MATERIAL SUPPLIED
####################

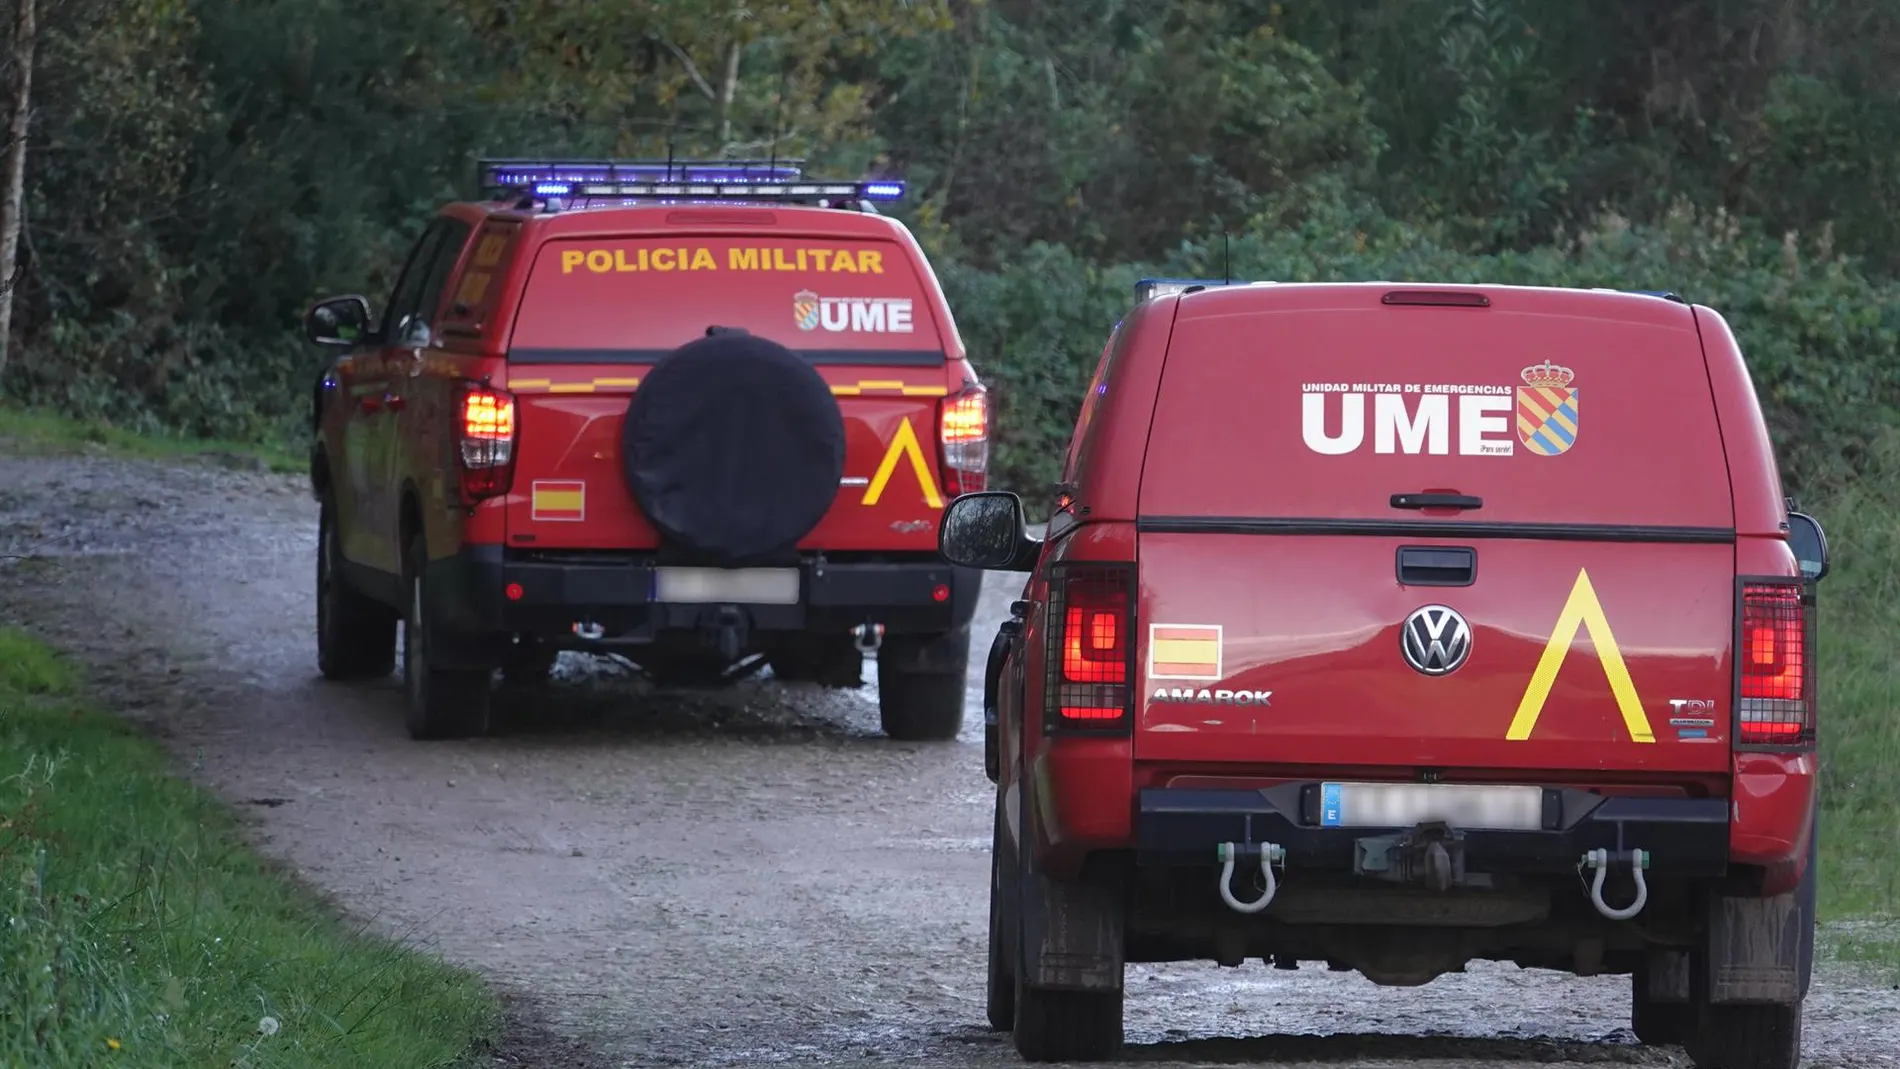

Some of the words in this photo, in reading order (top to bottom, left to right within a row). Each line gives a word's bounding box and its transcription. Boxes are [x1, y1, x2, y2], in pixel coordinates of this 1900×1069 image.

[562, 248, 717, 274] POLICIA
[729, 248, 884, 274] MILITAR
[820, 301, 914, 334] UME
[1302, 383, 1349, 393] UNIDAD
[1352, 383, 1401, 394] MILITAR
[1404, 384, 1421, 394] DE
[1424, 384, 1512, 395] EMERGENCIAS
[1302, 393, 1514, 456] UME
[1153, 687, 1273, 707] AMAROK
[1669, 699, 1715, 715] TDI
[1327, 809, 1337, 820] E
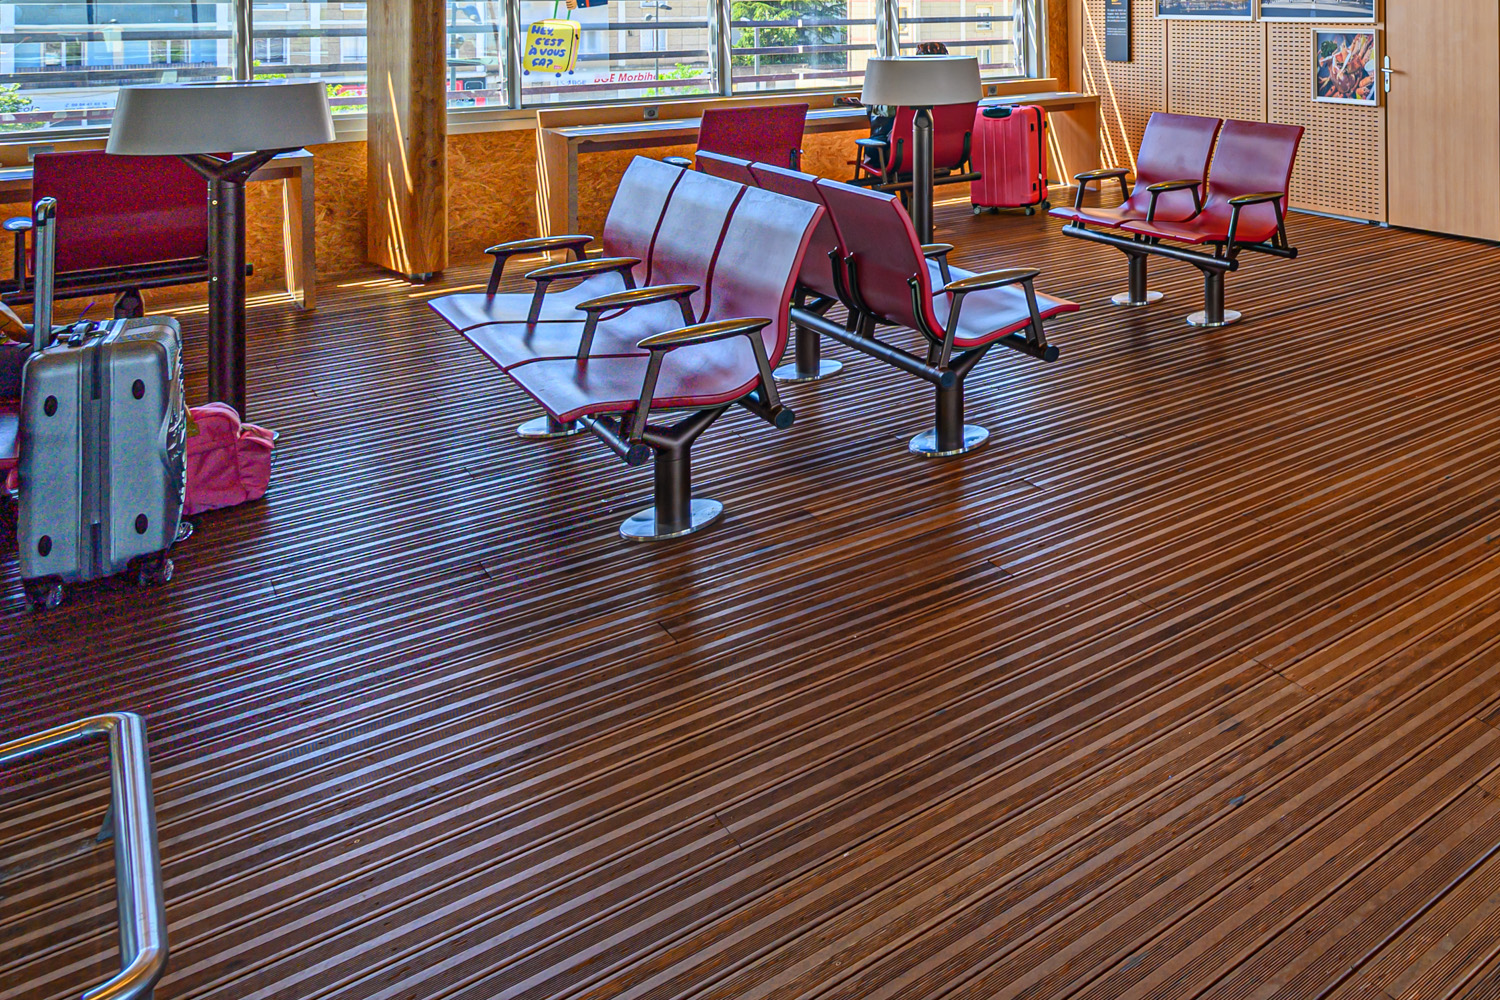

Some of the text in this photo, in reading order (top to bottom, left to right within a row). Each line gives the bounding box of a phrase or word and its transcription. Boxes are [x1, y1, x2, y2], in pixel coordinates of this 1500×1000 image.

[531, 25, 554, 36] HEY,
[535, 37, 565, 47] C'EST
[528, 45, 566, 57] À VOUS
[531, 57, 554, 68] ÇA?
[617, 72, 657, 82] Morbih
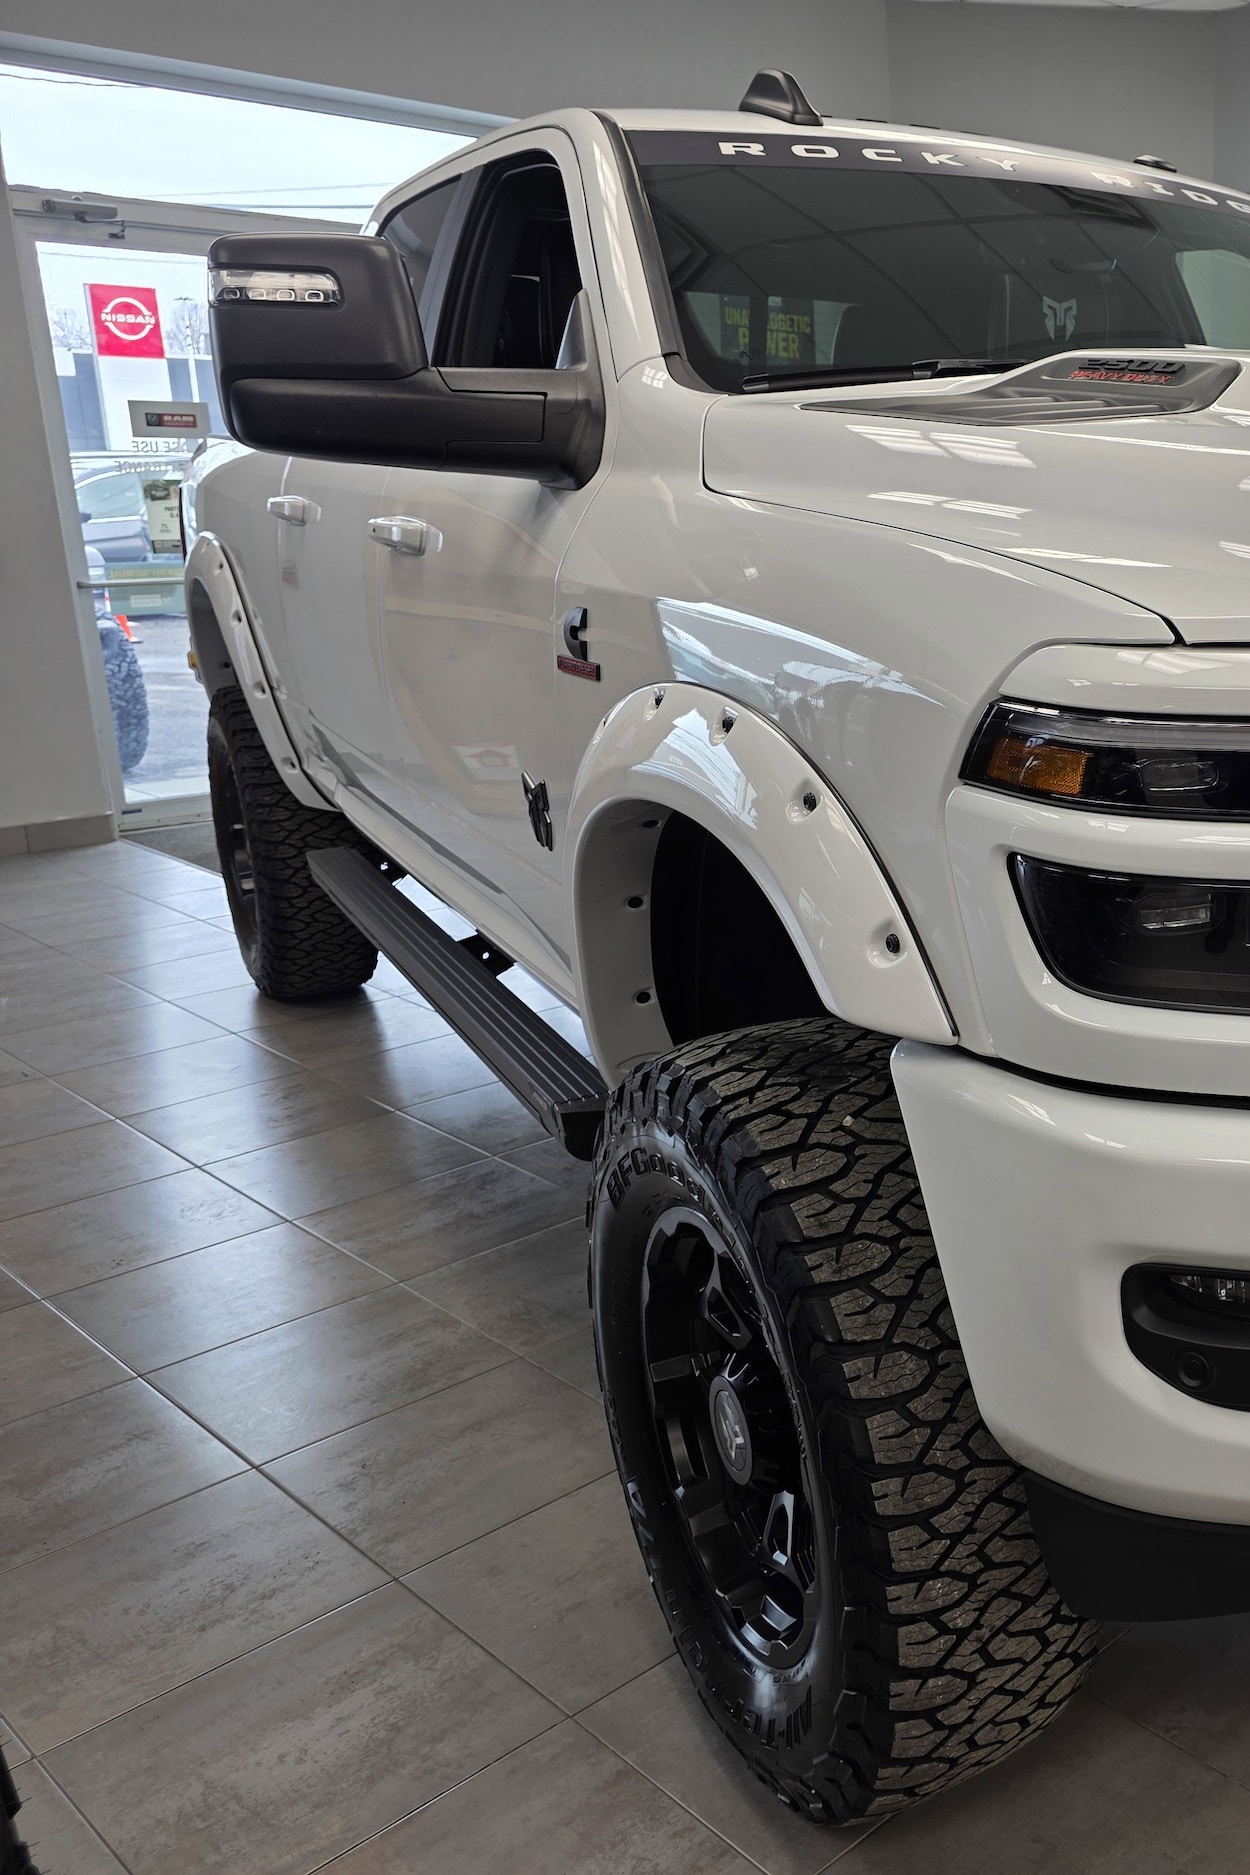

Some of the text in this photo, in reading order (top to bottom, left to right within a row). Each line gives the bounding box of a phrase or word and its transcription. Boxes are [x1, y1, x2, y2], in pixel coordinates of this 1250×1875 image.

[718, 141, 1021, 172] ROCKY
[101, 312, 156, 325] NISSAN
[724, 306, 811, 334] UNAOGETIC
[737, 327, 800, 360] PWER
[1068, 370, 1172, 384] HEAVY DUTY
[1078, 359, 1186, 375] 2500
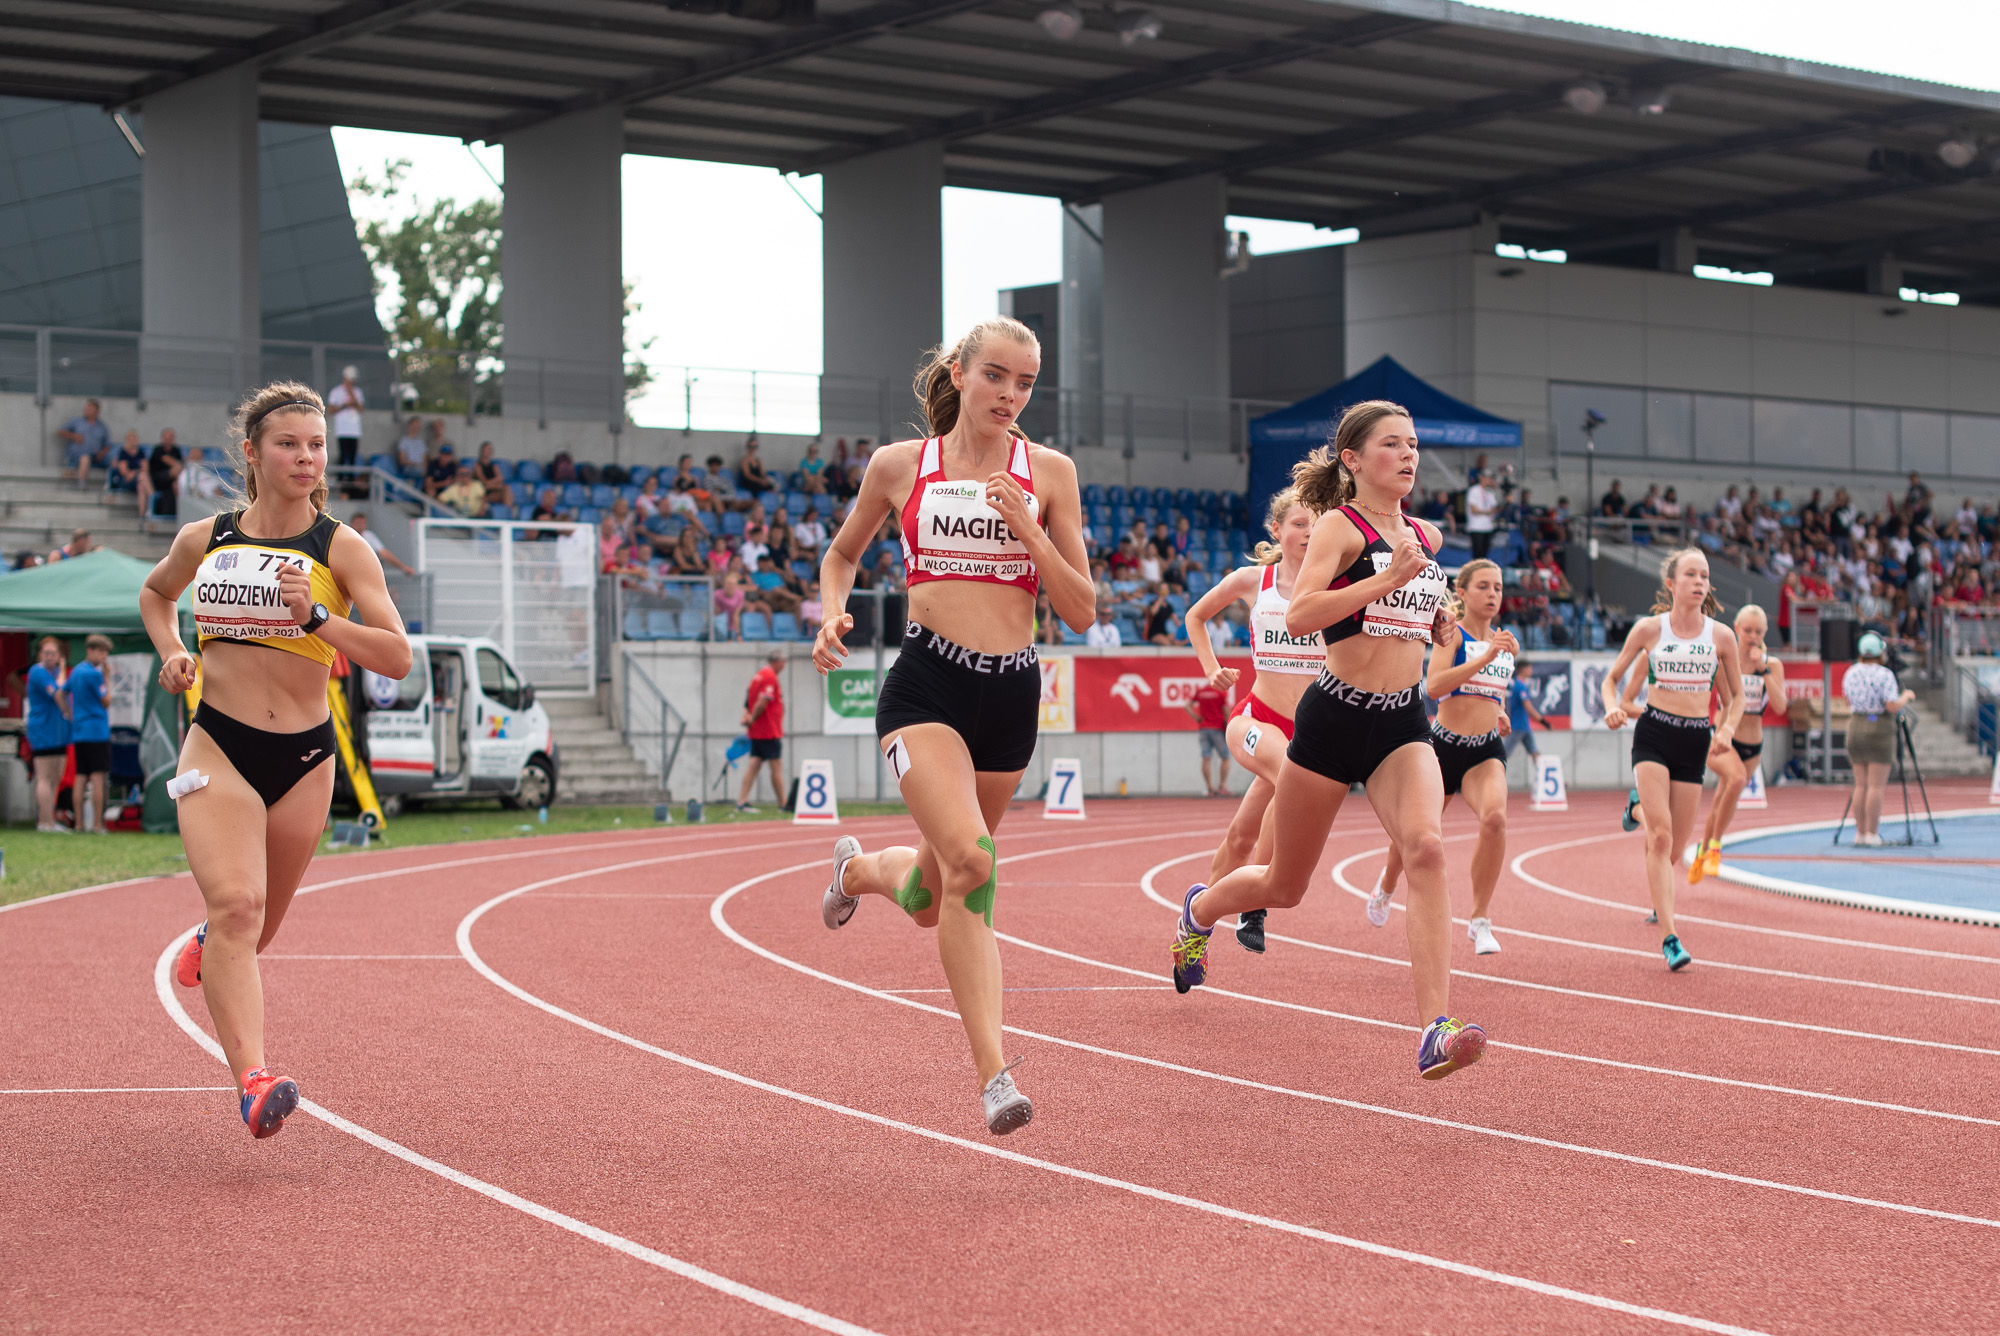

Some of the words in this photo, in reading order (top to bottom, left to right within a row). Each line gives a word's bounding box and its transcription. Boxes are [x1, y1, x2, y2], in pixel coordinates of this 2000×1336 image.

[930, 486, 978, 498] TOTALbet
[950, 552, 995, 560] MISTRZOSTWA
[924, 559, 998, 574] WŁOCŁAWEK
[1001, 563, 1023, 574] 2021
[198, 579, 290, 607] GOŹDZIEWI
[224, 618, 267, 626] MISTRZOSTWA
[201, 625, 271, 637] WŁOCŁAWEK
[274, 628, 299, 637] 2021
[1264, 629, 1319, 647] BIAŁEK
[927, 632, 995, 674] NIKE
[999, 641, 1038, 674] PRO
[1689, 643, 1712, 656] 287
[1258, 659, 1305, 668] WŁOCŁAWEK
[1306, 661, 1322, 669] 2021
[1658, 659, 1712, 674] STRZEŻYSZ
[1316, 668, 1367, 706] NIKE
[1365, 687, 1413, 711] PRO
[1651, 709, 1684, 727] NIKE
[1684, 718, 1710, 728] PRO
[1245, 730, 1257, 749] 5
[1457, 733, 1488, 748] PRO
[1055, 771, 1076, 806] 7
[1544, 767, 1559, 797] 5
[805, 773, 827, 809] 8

####################

In this exercise, set down all of the data exactly, without the pictures.

ANSWER SPACE
Some of the words in this photo, in reading order (top to bottom, left to right within a row). Each line gives a word's bounding box and its transcription. Boxes are [x1, y1, x2, y2], in pixel coordinates of this 1900×1069 image.

[562, 248, 717, 274] POLICIA
[729, 248, 884, 274] MILITAR
[820, 301, 914, 334] UME
[1302, 383, 1349, 393] UNIDAD
[1352, 383, 1401, 394] MILITAR
[1404, 384, 1421, 394] DE
[1424, 384, 1512, 395] EMERGENCIAS
[1302, 393, 1514, 456] UME
[1153, 687, 1273, 707] AMAROK
[1669, 699, 1715, 715] TDI
[1327, 809, 1337, 820] E

Some of the text in this photo, in reading order (top to bottom, left to right within a row). Each line gives the bounding box of a phrase or word and its transcription. Boxes are [x1, y1, x2, y2], in pixel coordinates of this 1500×1000 image.

[531, 25, 554, 36] HEY,
[535, 37, 565, 47] C'EST
[528, 45, 566, 57] À VOUS
[531, 57, 554, 68] ÇA?
[617, 72, 657, 82] Morbih

Some of the text in this photo, in reading order (top to bottom, left to right within a row). Each line gives the bounding box of a phrase or word and its transcription. Boxes are [x1, y1, x2, y2], in pixel coordinates of this 1250×1875 image.

[718, 141, 1021, 172] ROCKY
[101, 312, 156, 325] NISSAN
[724, 306, 811, 334] UNAOGETIC
[737, 327, 800, 360] PWER
[1068, 370, 1172, 384] HEAVY DUTY
[1078, 359, 1186, 375] 2500

Some of the words in this photo, in reading order (top to bottom, left to right within a row). Each line gives a word's bounding box and its transcription. Boxes are [x1, y1, x2, y2], in pixel coordinates of this 2000×1336 image.

[930, 486, 978, 498] TOTALbet
[950, 552, 995, 560] MISTRZOSTWA
[924, 559, 998, 574] WŁOCŁAWEK
[1001, 563, 1023, 574] 2021
[198, 579, 290, 607] GOŹDZIEWI
[224, 618, 267, 626] MISTRZOSTWA
[201, 625, 271, 637] WŁOCŁAWEK
[274, 628, 299, 637] 2021
[1264, 629, 1319, 647] BIAŁEK
[927, 632, 995, 674] NIKE
[999, 641, 1038, 674] PRO
[1689, 643, 1712, 656] 287
[1258, 659, 1305, 668] WŁOCŁAWEK
[1306, 661, 1322, 669] 2021
[1658, 659, 1712, 674] STRZEŻYSZ
[1316, 668, 1367, 706] NIKE
[1365, 687, 1413, 711] PRO
[1651, 709, 1684, 727] NIKE
[1684, 718, 1710, 728] PRO
[1245, 730, 1257, 749] 5
[1457, 733, 1488, 748] PRO
[1055, 771, 1076, 806] 7
[1544, 767, 1559, 797] 5
[805, 773, 827, 809] 8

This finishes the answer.